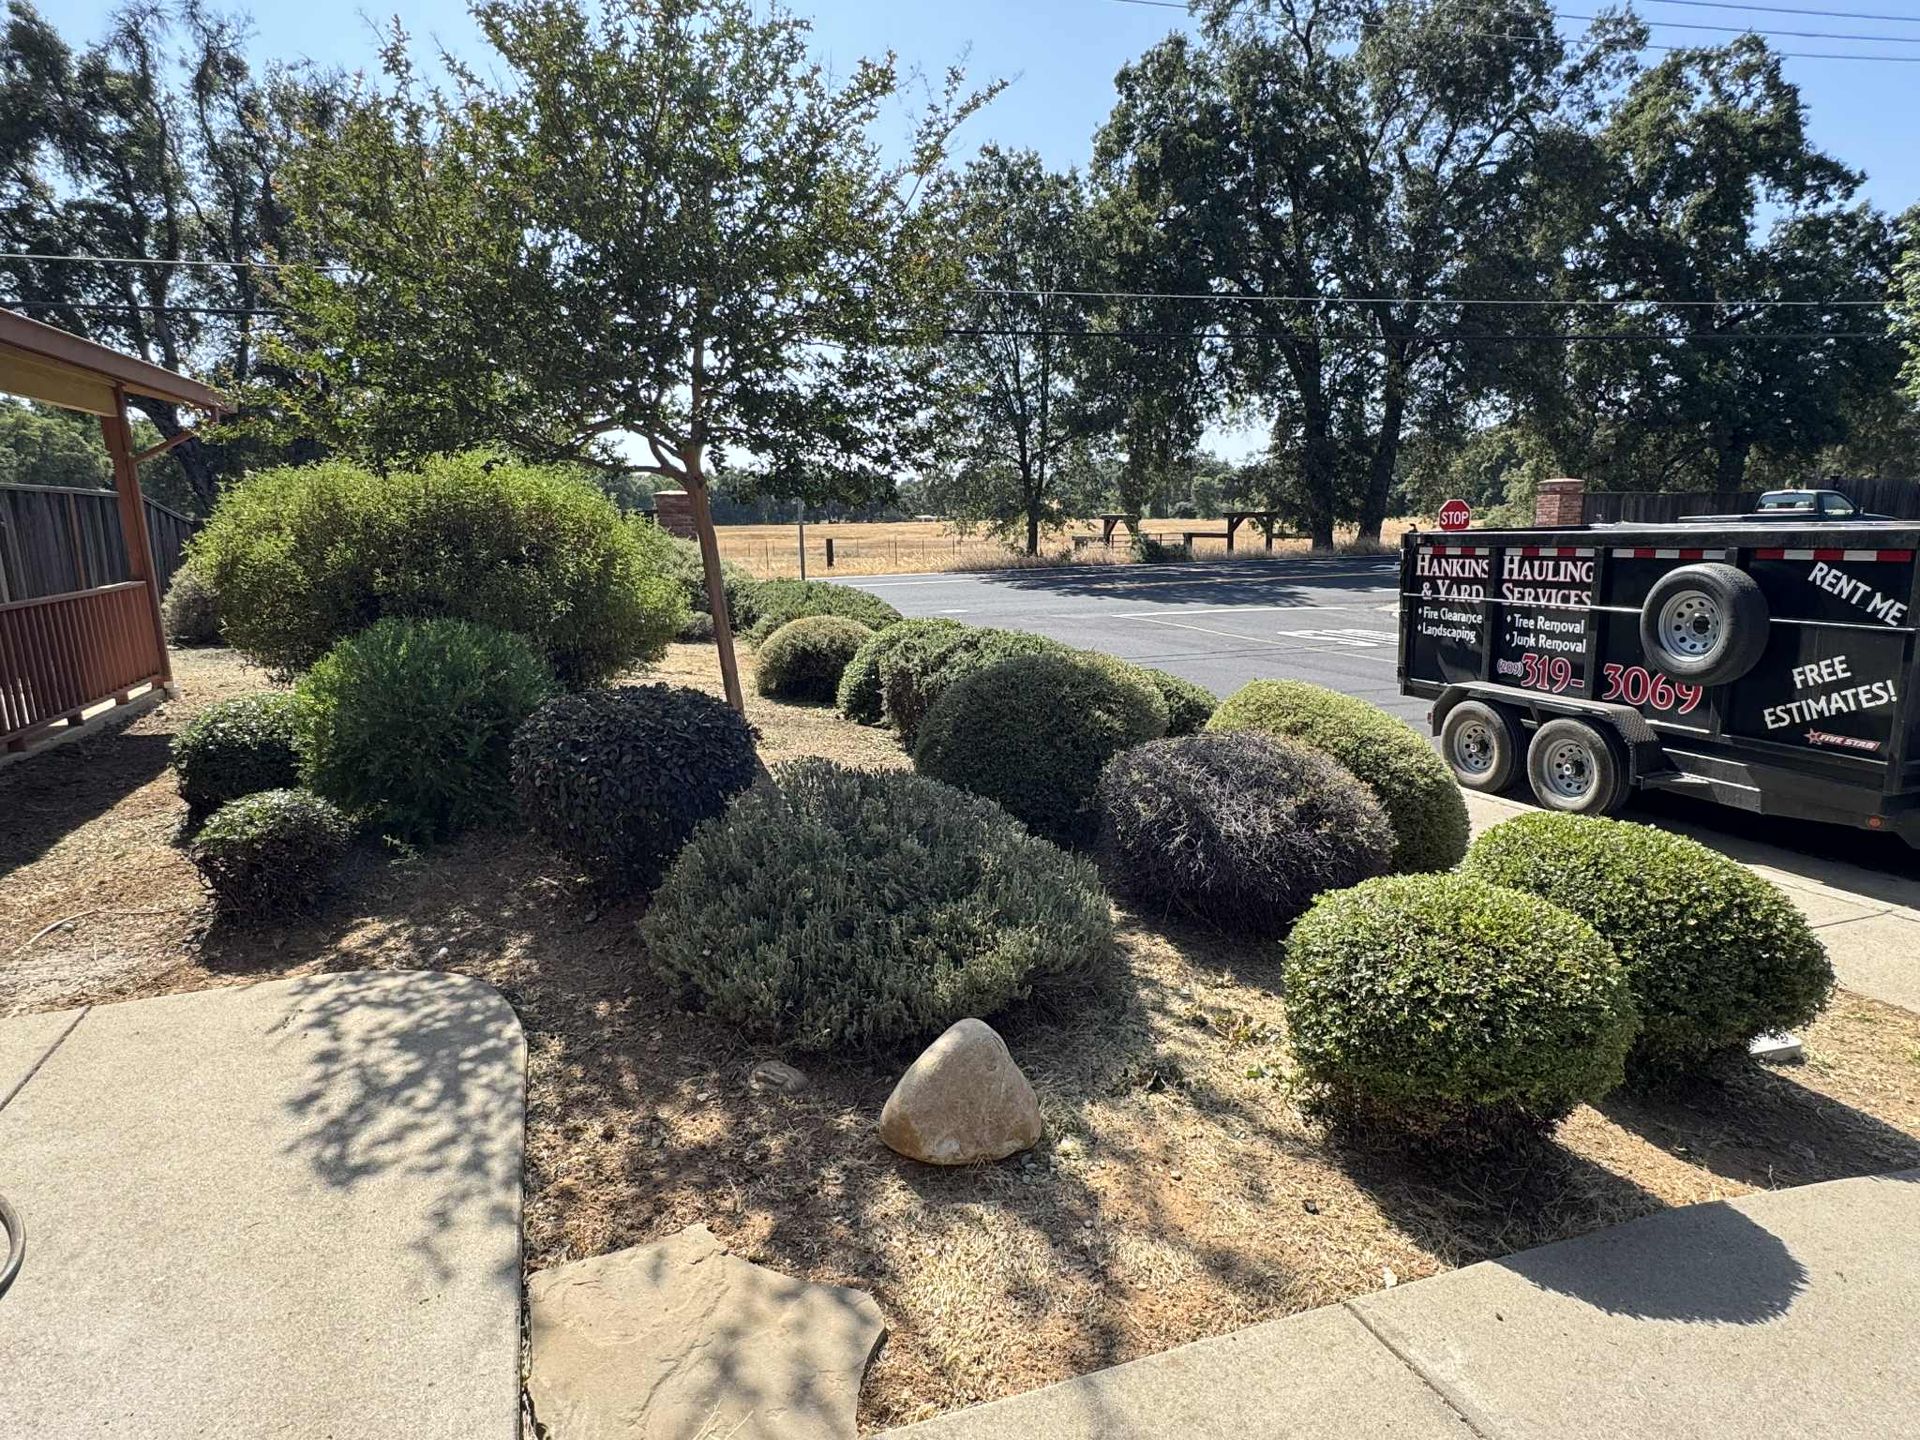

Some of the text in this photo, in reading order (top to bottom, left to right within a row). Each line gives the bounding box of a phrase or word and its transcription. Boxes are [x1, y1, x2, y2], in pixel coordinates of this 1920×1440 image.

[1441, 511, 1469, 525] STOP
[1416, 554, 1594, 583] HANKINS HAULING
[1421, 582, 1432, 600] &
[1808, 562, 1908, 626] RENT ME
[1423, 606, 1483, 624] Fire Clearance
[1514, 614, 1585, 634] Tree Removal
[1422, 622, 1476, 643] Landscaping
[1511, 631, 1587, 653] Junk Removal
[1792, 655, 1852, 689] FREE
[1602, 663, 1703, 714] 3069
[1763, 679, 1898, 729] ESTIMATES!
[1819, 734, 1845, 744] FIVE

Exercise: All records above are to be output verbatim, with their pictures omitted.

Answer:
Some of the text in this photo, in reading order (top to bottom, left to right within a row). Each line gives the bounding box of a phrase or word and its transcription. Boxes are [x1, y1, x2, y2], in pixel coordinates of this 1920×1440 image.

[1441, 511, 1469, 525] STOP
[1416, 554, 1594, 583] HANKINS HAULING
[1421, 582, 1432, 600] &
[1808, 562, 1908, 626] RENT ME
[1423, 606, 1483, 624] Fire Clearance
[1514, 614, 1585, 634] Tree Removal
[1422, 622, 1476, 643] Landscaping
[1511, 631, 1587, 653] Junk Removal
[1792, 655, 1852, 689] FREE
[1602, 663, 1703, 714] 3069
[1763, 679, 1898, 729] ESTIMATES!
[1819, 734, 1845, 744] FIVE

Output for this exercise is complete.